RISING STAR OR ROOKIE STAR?
Lavine is face of franchise — unless bulls get lucky in lottery, land georgia’s edwards
Zach LaVine has done everything asked of him since joining the Bulls in 2017. The guard can score at an All-Star level, and he has improved his defense, his rebounding and his playmaking. All the while, he has become the face of the organization on and off the court.
But is that enough?
Has LaVine proved that he can be an elite player able to carry the Bulls back to the postseason, or is he just a bridge until the true heir apparent shows himself ?
More important, could that heir apparent be available in the 2020 NBA Draft?
The franchise has defied the draft-lottery odds before — see Derrick Rose — but not since 2008. It has been triple sevens for the Bulls the last three drafts.
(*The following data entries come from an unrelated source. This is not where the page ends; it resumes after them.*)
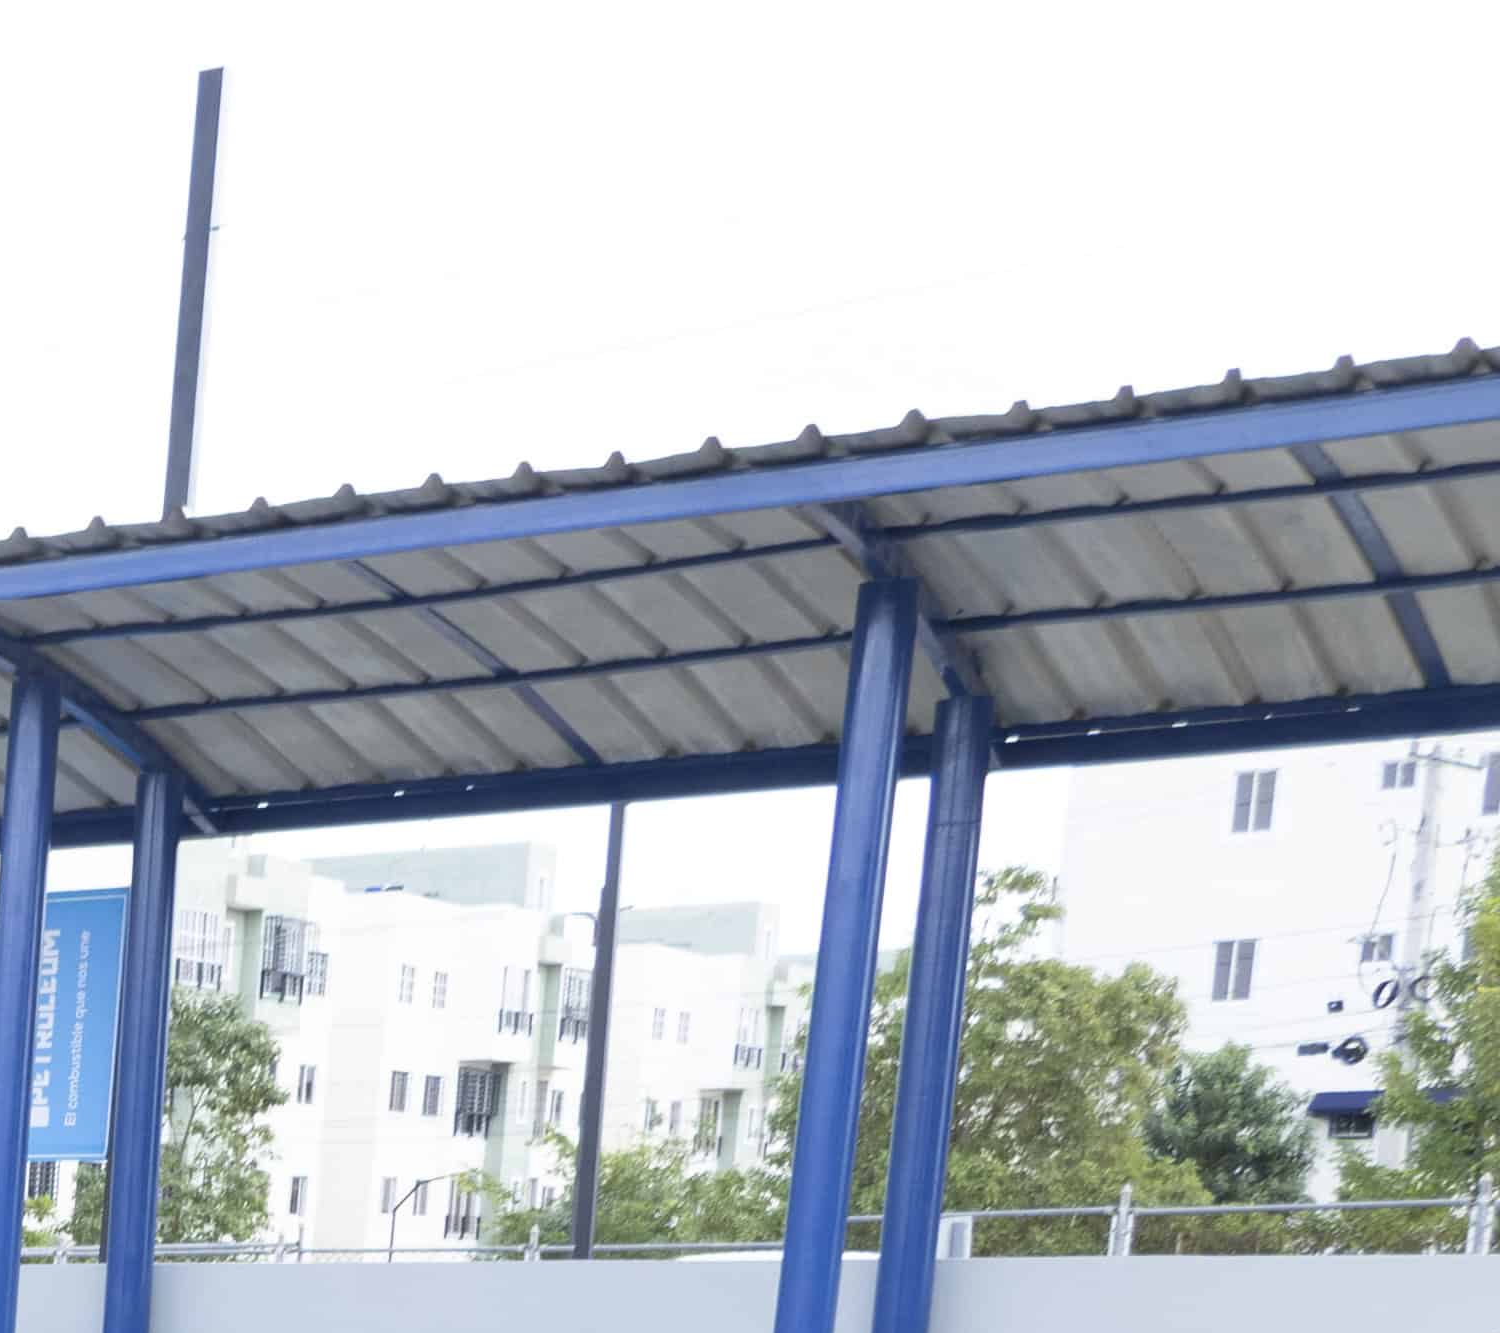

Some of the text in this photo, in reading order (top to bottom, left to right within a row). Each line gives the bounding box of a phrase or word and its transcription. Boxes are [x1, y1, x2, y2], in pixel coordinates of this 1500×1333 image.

[79, 931, 92, 958] une
[77, 960, 90, 988] nos
[74, 990, 91, 1019] que
[66, 1021, 85, 1110] combustible
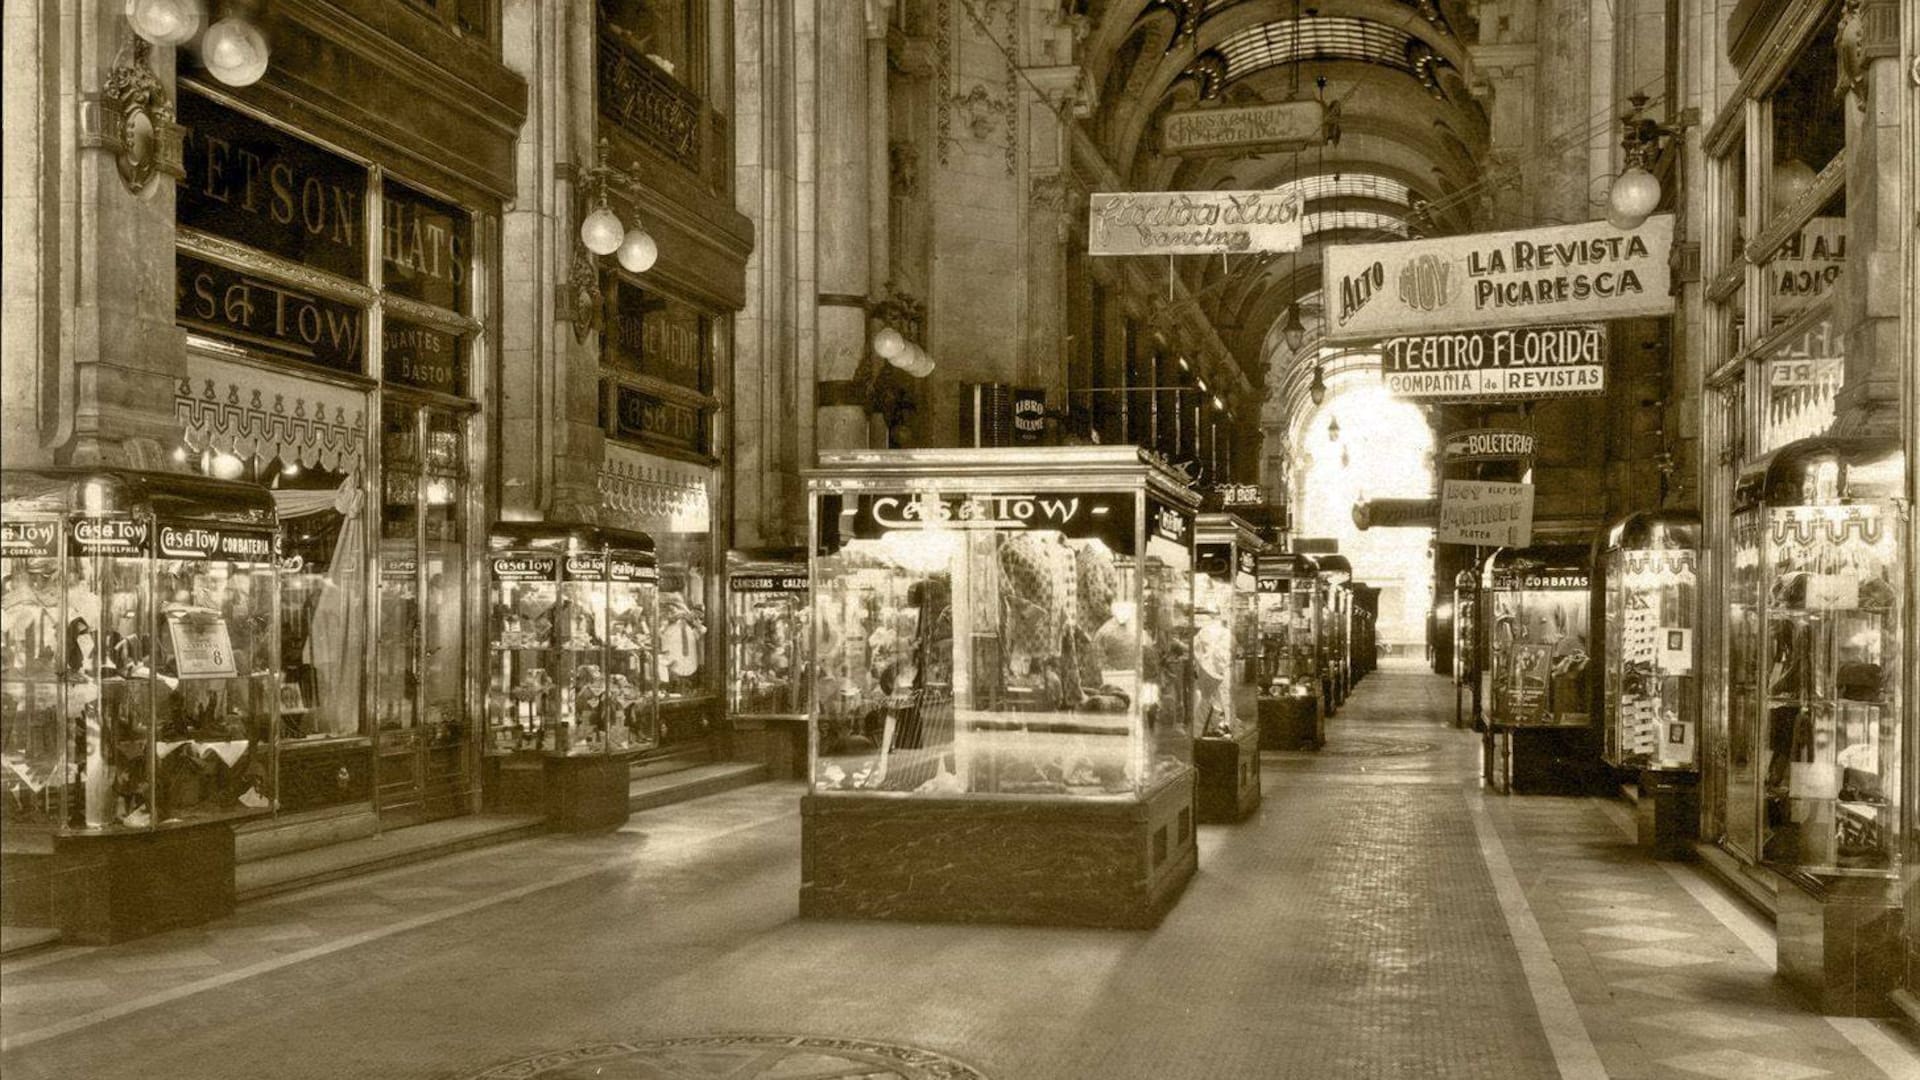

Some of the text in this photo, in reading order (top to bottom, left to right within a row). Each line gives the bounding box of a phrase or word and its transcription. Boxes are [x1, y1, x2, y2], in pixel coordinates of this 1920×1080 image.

They’ve had the seventh overall pick each year since the start of the rebuild in 2017.
With a 7.5% chance to hit on No. 1 this time and a 7.8% chance to land No. 2, what if Georgia scoring guard Anthony Edwards is there for the taking?
Is he the next Bradley Beal with a streakier outside game, or is he Dennis Smith Jr., who showed promise early with the Mavericks but since has fizzled out with the Knicks?
The Bulls have time on their side with LaVine. They have one more season to decide if they want to extend the former first-round pick and two more seasons of control of his contract to see if his upward climb continues.
That doesn’t mean that Edwards should be out of the picture, though.
Three straight disappointing seasons, including being one of the “delete eight’’ left out of the 22team restart bubble, should serve notice to the new front office that the team isn’t good enough.
There should be no untouchables, including at the two-guard spot, where LaVine is the starter and 2019 first-round pick Coby White is the backup. The Bulls need to determine if White is a point guard or if he’s bettersuited for combo duty.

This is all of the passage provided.